Start of Given records
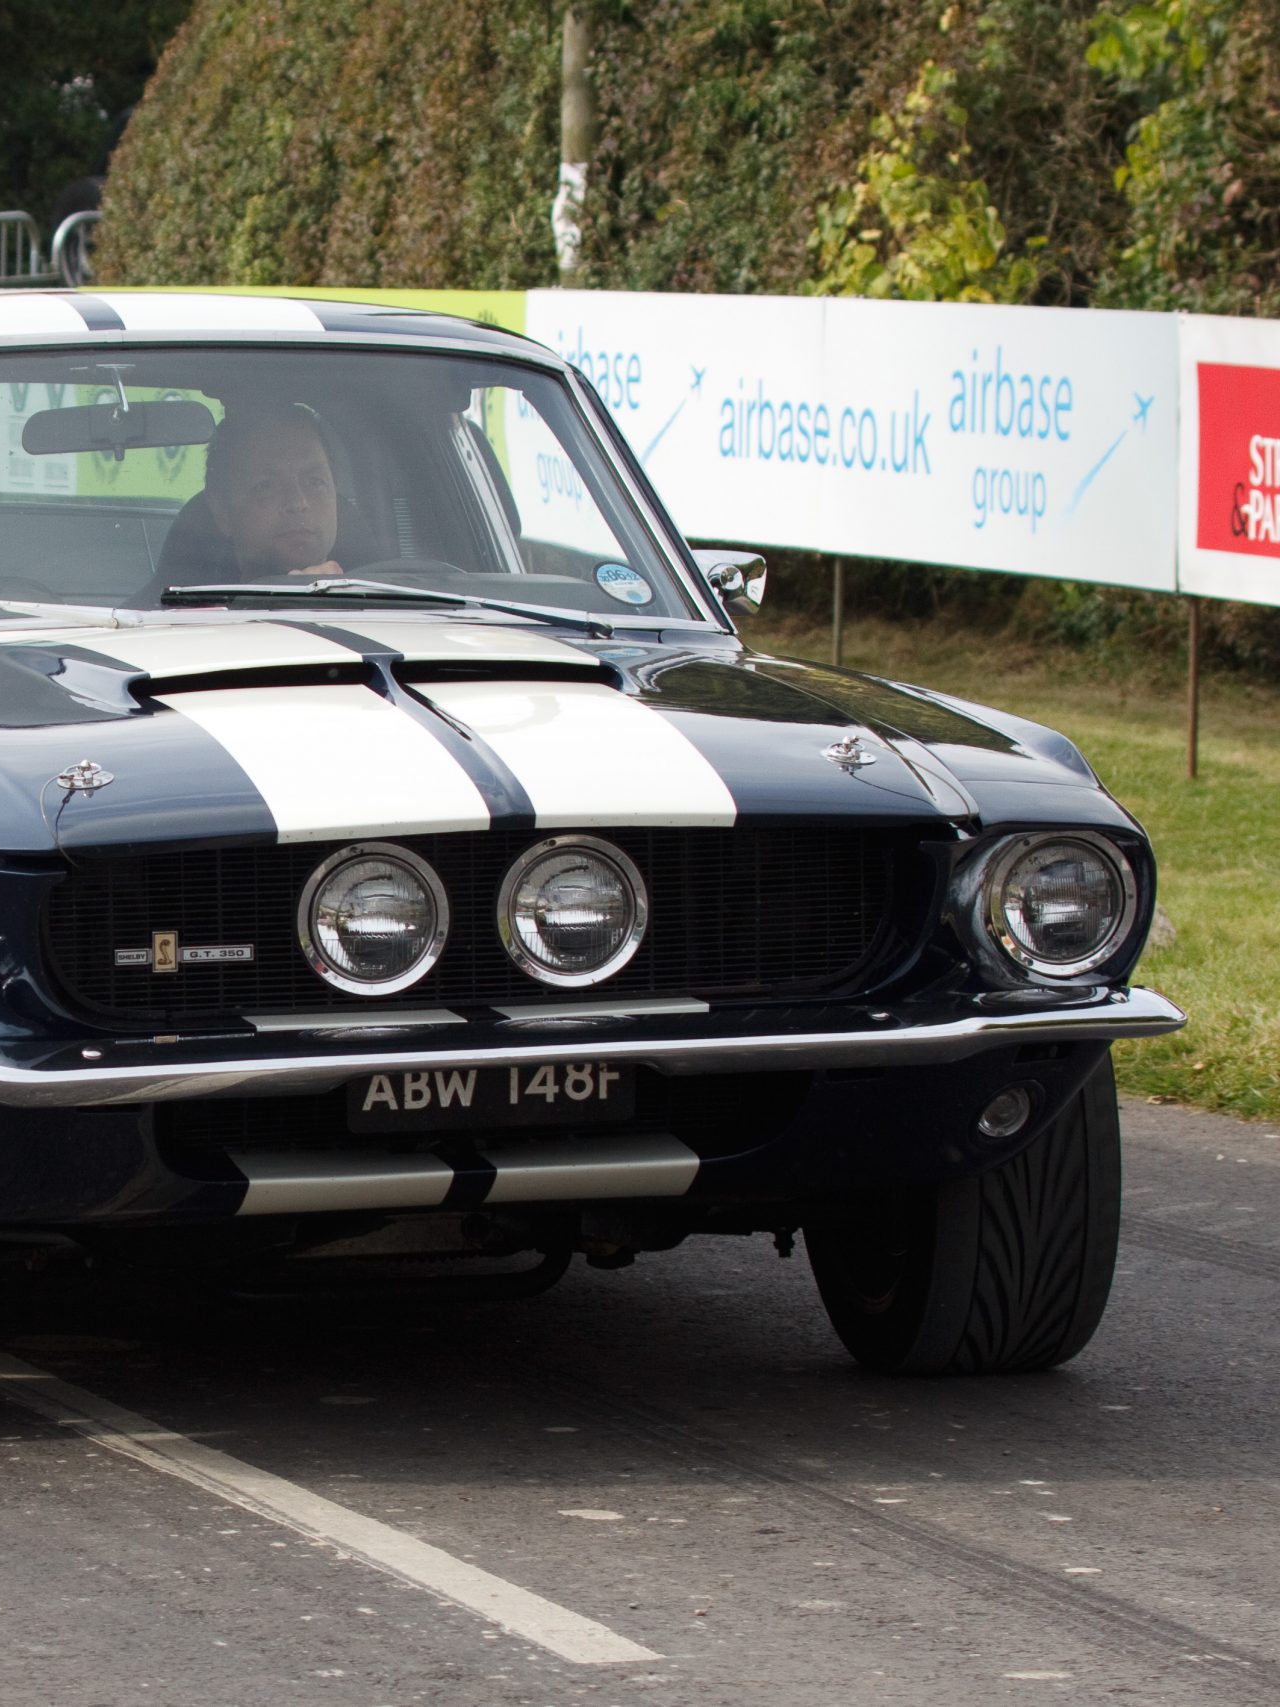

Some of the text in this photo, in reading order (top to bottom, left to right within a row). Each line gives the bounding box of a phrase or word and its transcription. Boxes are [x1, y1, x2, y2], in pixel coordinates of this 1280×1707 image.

[557, 326, 641, 410] base
[949, 345, 1073, 441] airbase
[719, 378, 932, 475] airbase.co.uk
[536, 452, 583, 513] group
[973, 466, 1047, 534] group
[118, 953, 145, 961] SHELBY
[219, 949, 245, 958] 350
[362, 1062, 620, 1111] ABW 148F
End of Given records
→ Work required
Give every line above again exactly, omitting whatever pictures appear.

→ Solution for this problem
Some of the text in this photo, in reading order (top to bottom, left to right within a row). Each line gives the bounding box of a phrase or word and its transcription. Boxes are [x1, y1, x2, y2], in pixel coordinates of this 1280×1707 image.

[557, 326, 641, 410] base
[949, 345, 1073, 441] airbase
[719, 378, 932, 475] airbase.co.uk
[536, 452, 583, 513] group
[973, 466, 1047, 534] group
[118, 953, 145, 961] SHELBY
[219, 949, 245, 958] 350
[362, 1062, 620, 1111] ABW 148F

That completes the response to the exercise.